In the entries that follow, locate the line with "Some of the text", then restate that line and all later lines exactly as they appear, leaving pictures out.

════════

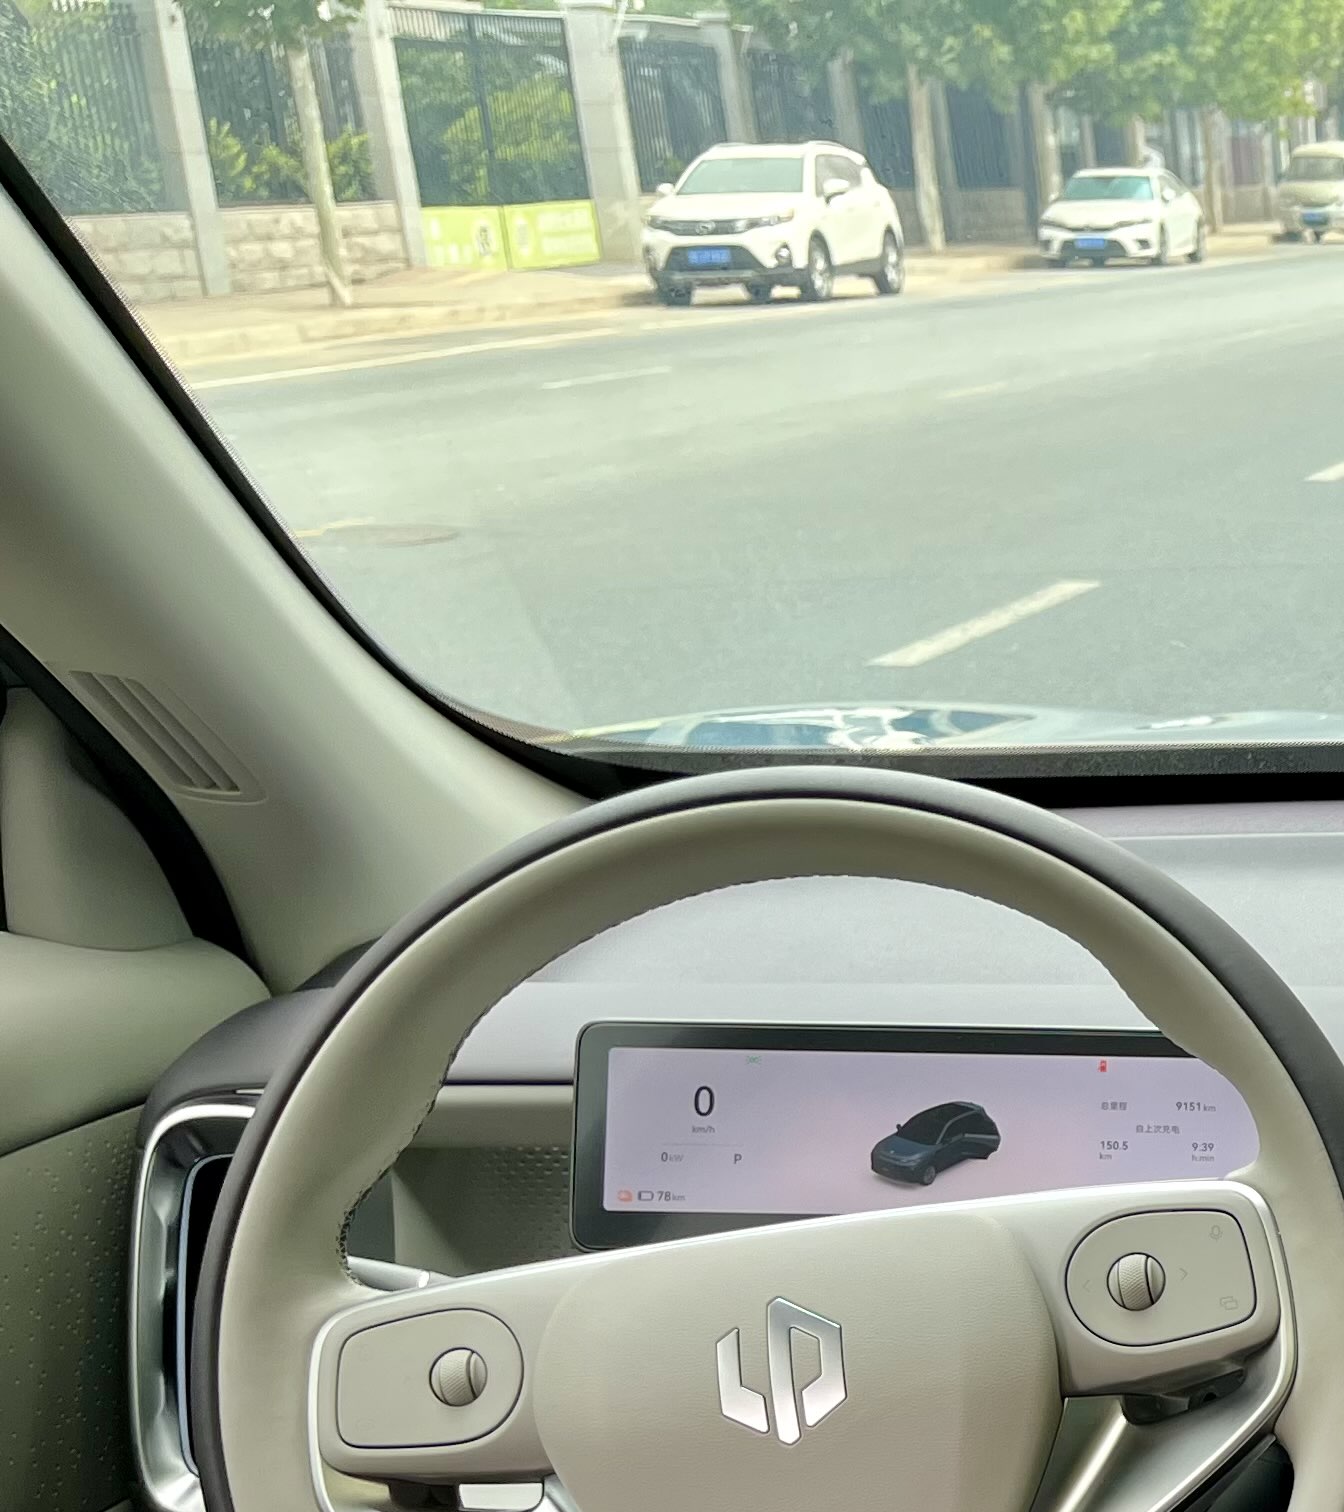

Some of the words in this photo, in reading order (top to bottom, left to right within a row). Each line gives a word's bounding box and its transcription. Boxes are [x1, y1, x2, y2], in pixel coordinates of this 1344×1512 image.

[694, 1085, 715, 1117] 0
[1176, 1101, 1201, 1112] 9151
[691, 1125, 716, 1134] km/h
[1100, 1141, 1129, 1151] 150.5
[660, 1151, 669, 1162] 0
[733, 1153, 742, 1165] P
[657, 1190, 671, 1202] 78
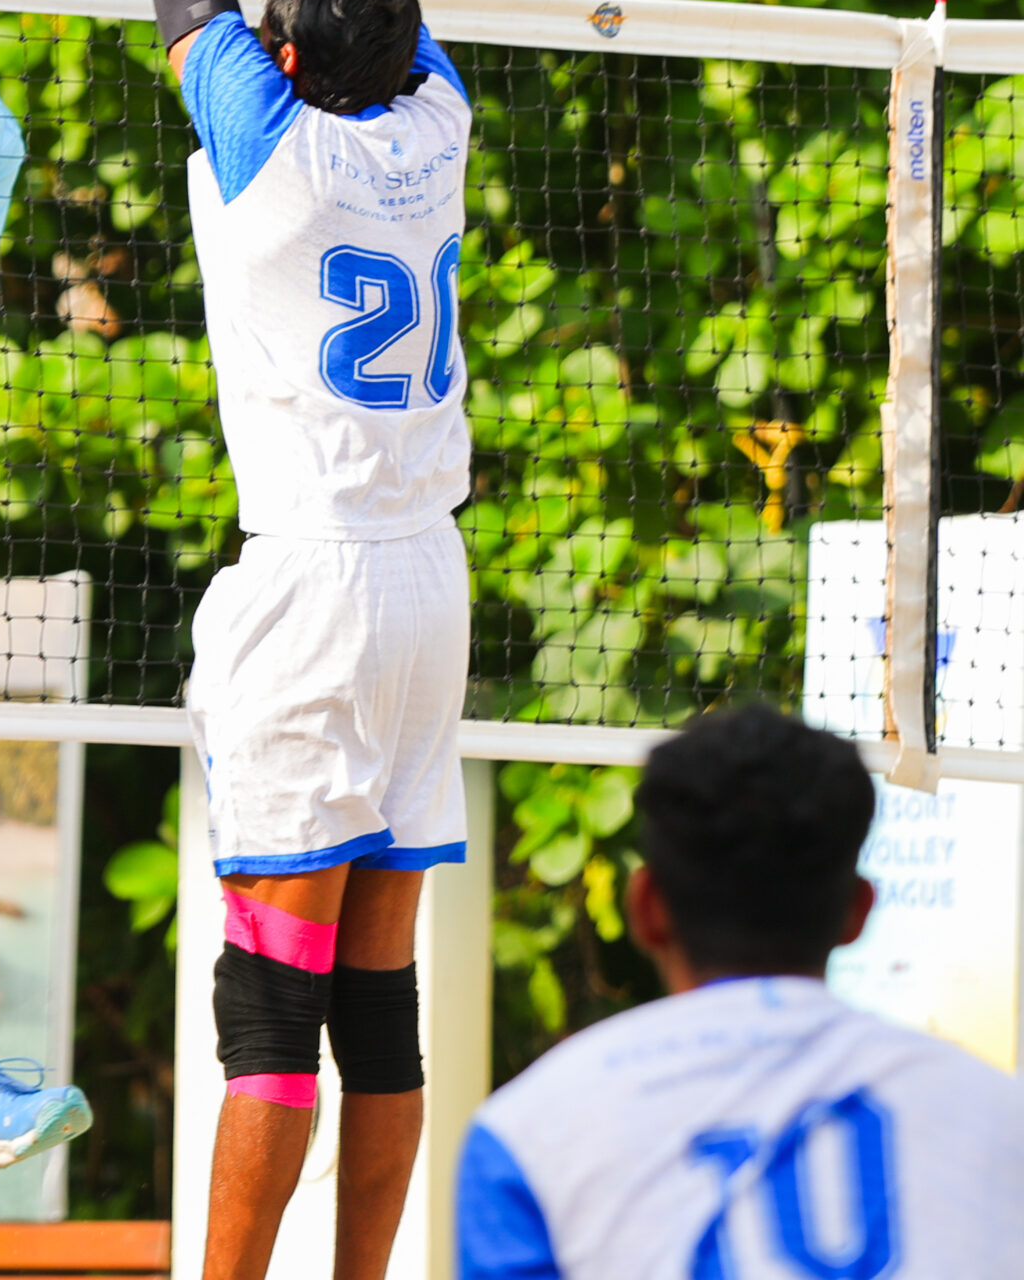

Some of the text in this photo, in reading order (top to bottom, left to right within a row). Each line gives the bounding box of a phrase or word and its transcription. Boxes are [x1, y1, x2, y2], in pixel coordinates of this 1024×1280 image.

[378, 193, 425, 207] RESOR
[875, 791, 957, 822] ESORT
[874, 877, 957, 909] EAGUE
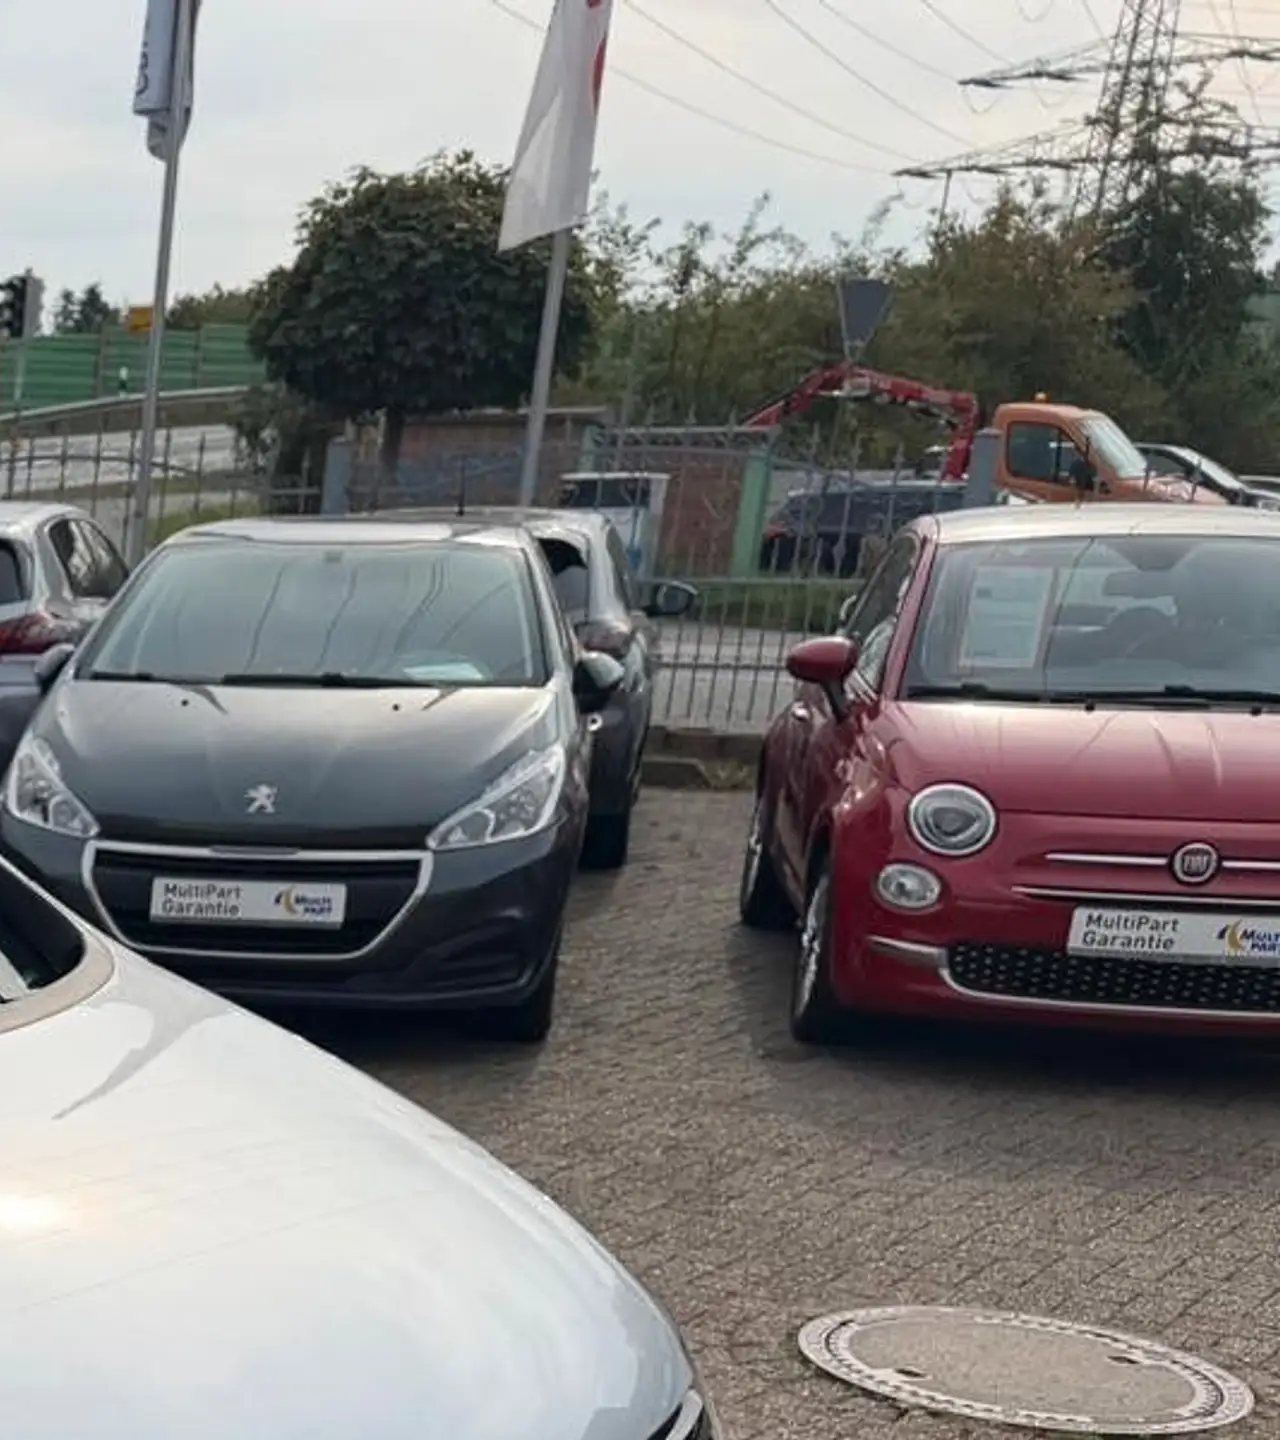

════════

> **EXERCISE ANSWER**
Some of the text in this photo, in reading order (top to bottom, left to right within a row). Each line gives the bounding box of a phrase or word and its transcription. Boxes are [x1, y1, x2, y2], in pixel coordinates of this 1024×1280 image.

[378, 193, 425, 207] RESOR
[875, 791, 957, 822] ESORT
[874, 877, 957, 909] EAGUE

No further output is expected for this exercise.